An exclusion in insurance refers to certain situations, conditions, or types of damage that an insurance policy will not cover. When you purchase an insurance policy, it will clearly list what is and isn't covered. The things that are not covered are called exclusions.
For example, if you own a business and have a business insurance policy with an exclusion for damage caused by earthquakes, it means that if an earthquake damages your business property, your insurance will not pay for the repairs. Understanding these exclusions upfront is essential for making informed decisions about your insurance coverage.
Exclusions are important because they help define the limits of your insurance coverage. They protect insurance companies from having to pay for risks that are too high, too unpredictable, or outside the scope of the policy's intended purpose. This risk management approach helps keep insurance premiums affordable for everyone whilst allowing insurers to specialise in specific types of coverage.
Key Components of Exclusion
1. Specific Conditions
Exclusions are typically related to specific conditions or circumstances. This means the insurance policy will list particular events or situations that are not covered. For instance, a business insurance policy might exclude coverage for damage caused by floods, nuclear incidents, or intentional acts by the policyholder.
2. Policy Details
Every insurance policy includes details about what is covered and what is not. These details are crucial for understanding your coverage. The exclusion section of your policy will list the specific exclusions, and it's important to read and understand these details before you need to make a claim. Many policyholders discover exclusions only when filing a claim, which can lead to disappointment and financial hardship.

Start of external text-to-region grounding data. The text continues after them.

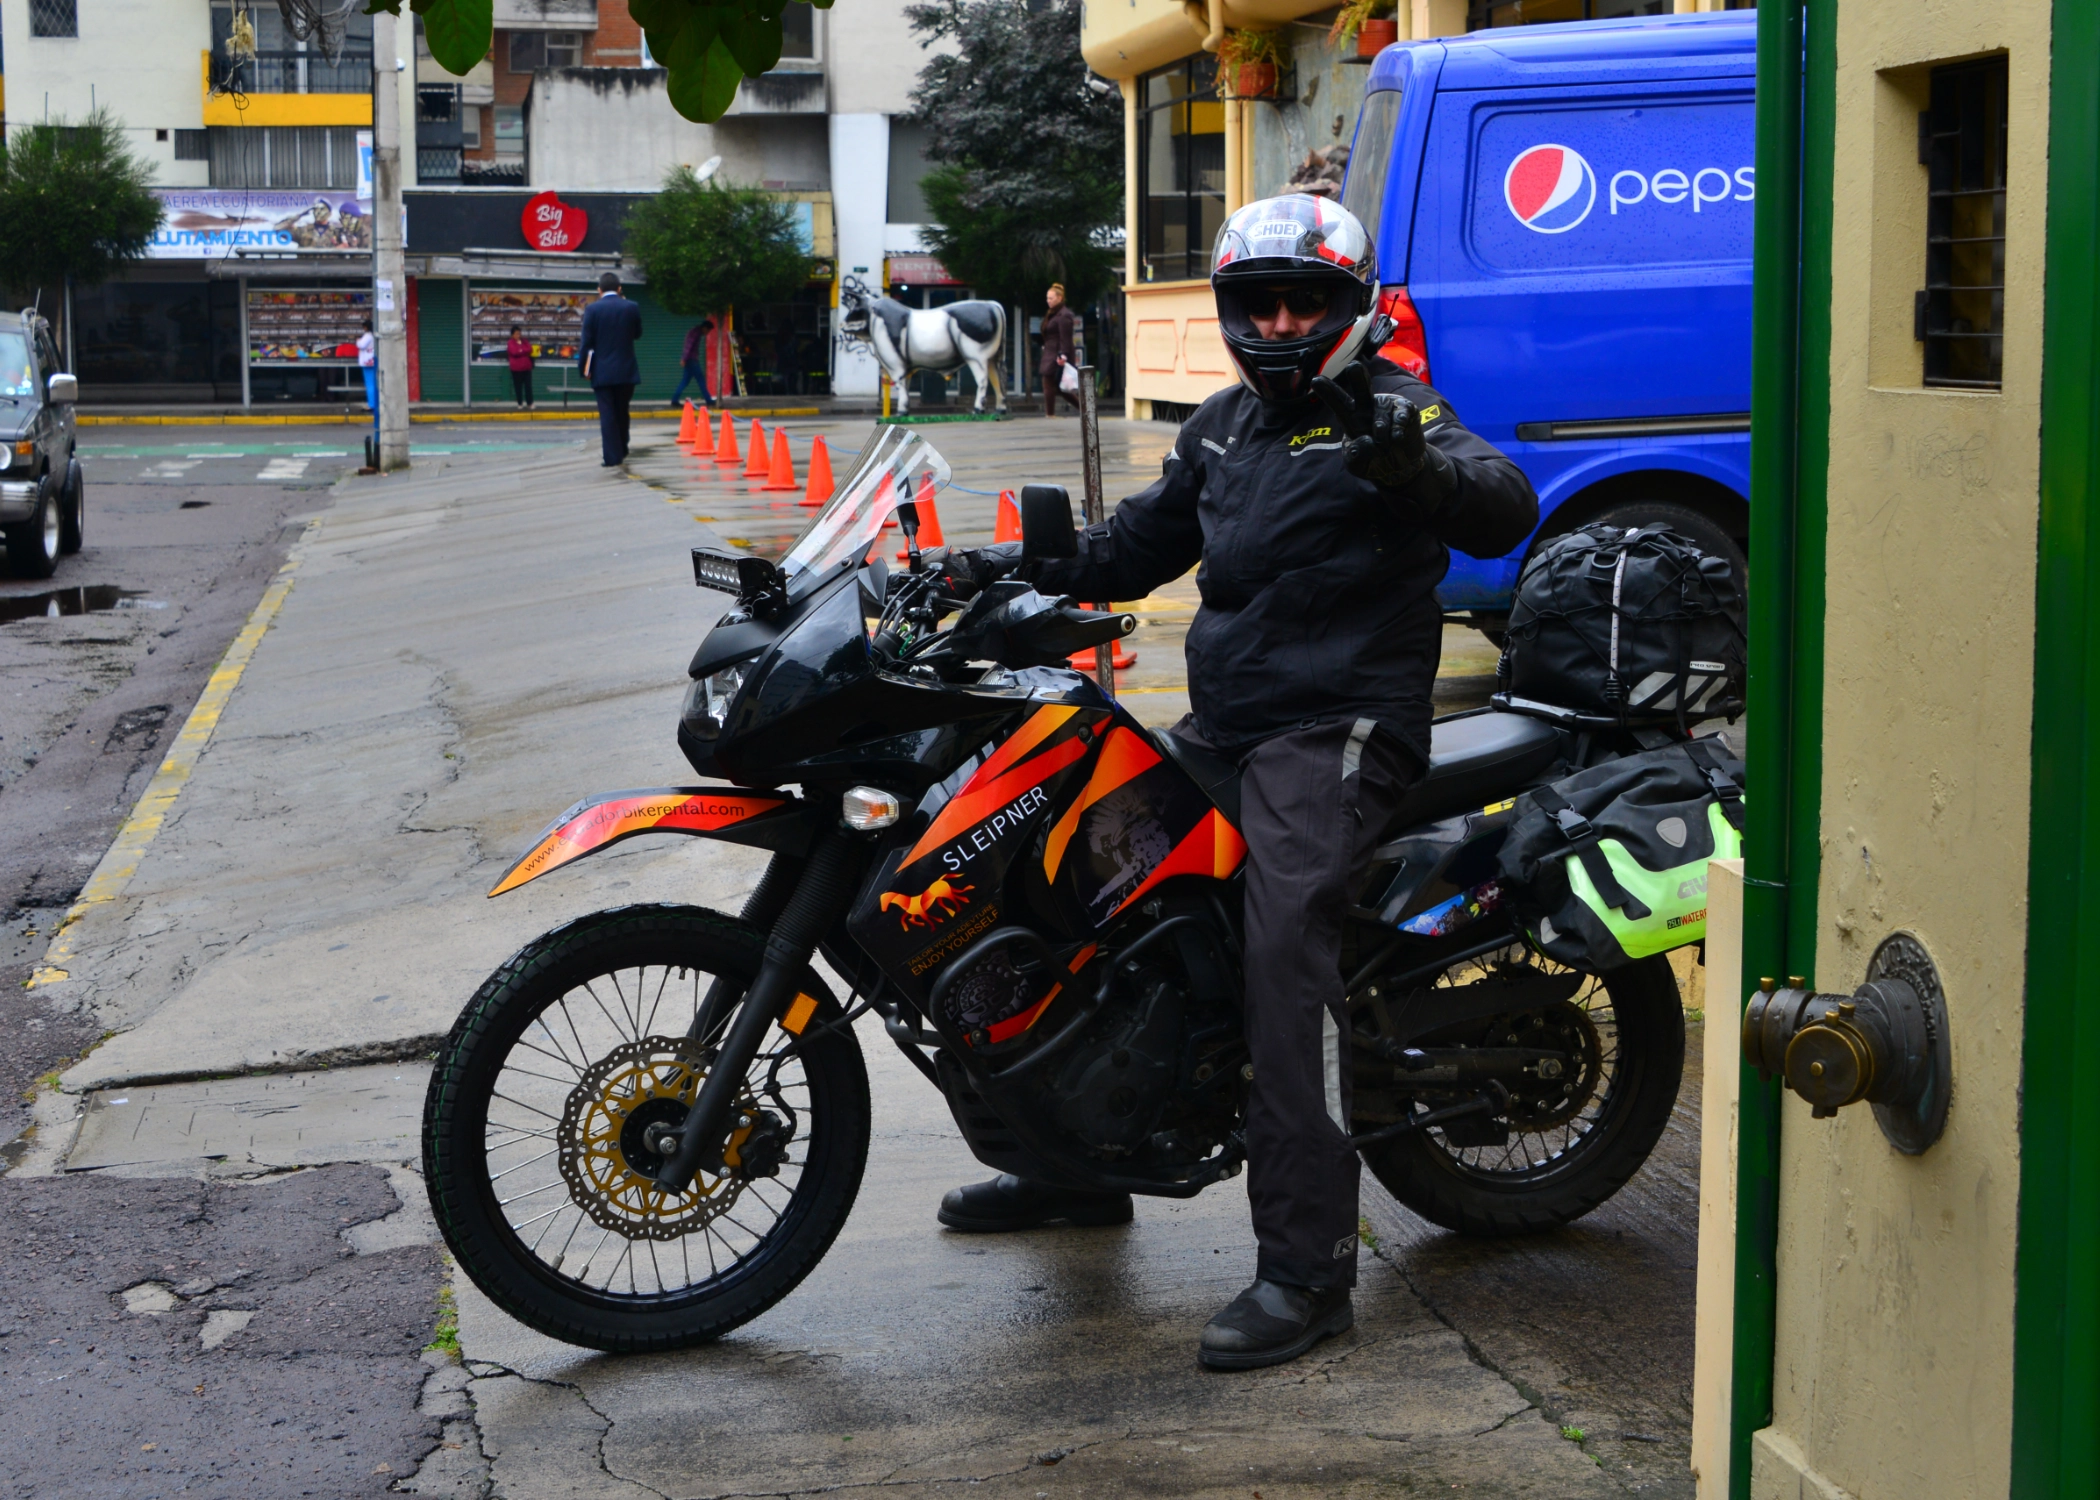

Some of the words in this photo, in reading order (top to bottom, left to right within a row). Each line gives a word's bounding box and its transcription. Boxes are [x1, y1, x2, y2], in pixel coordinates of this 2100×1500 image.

[213, 195, 309, 208] ECUATORIANA
[1610, 167, 1755, 215] peps
[536, 204, 562, 229] Big
[147, 230, 292, 246] LUTAMIENTO
[538, 229, 568, 247] Bite
[1254, 223, 1298, 238] SHOEI
[894, 262, 944, 271] CENTR
[1677, 874, 1708, 899] GIV
[907, 947, 935, 967] TAILOR
[934, 932, 956, 949] YOUR
[911, 948, 946, 976] ENJOY
[946, 909, 999, 951] YOURSELF

3. Policyholder Responsibility
It is the responsibility of the policyholder to understand the exclusions in their insurance policy. This means you need to read your policy documents carefully and ask your insurance broker any questions if you are unsure about what is covered and what is not. Don't assume coverage exists—always verify the specific terms of your policy.
Types of Exclusion
General Exclusions
These are exclusions that apply to all types of insurance policies. For example, most insurance policies will not cover illegal activities, intentional damage, or fraud. If you are doing something illegal and it leads to a loss, your insurance will not cover it. General exclusions also commonly include war, nuclear events, and governmental actions.
Specific Exclusions
These are exclusions that apply to specific types of insurance policies. For instance, a commercial property insurance policy might exclude coverage for damage caused by earthquakes or floods, whilst a health insurance policy might exclude coverage for certain pre-existing conditions. Professional indemnity policies often exclude claims arising from criminal or fraudulent acts.
Temporary Exclusions
These are exclusions that only apply for a certain period of time. For example, a new business insurance policy might exclude coverage for theft during the first 30 days of the policy, or a health insurance policy might have a waiting period before certain conditions are covered. These time-limited exclusions are designed to prevent adverse selection.
Situational Exclusions
These exclusions are based on specific situations or circumstances. For example, a business insurance policy might exclude coverage for damage caused during a declared war, civil unrest, or terrorism. Some policies also exclude coverage when premises are unoccupied for extended periods or when certain safety requirements aren't met.
Exclusions and Limitations
Understanding exclusions and limitations in your insurance policy is crucial for ensuring that your business is adequately protected.
Limitations
Limitations are similar to exclusions but refer to the limits of the coverage rather than complete lack of coverage. For example, a business insurance policy might cover fire damage but limit the amount it will pay out for certain types of fire-related losses, or cap coverage for specific items like stock or equipment.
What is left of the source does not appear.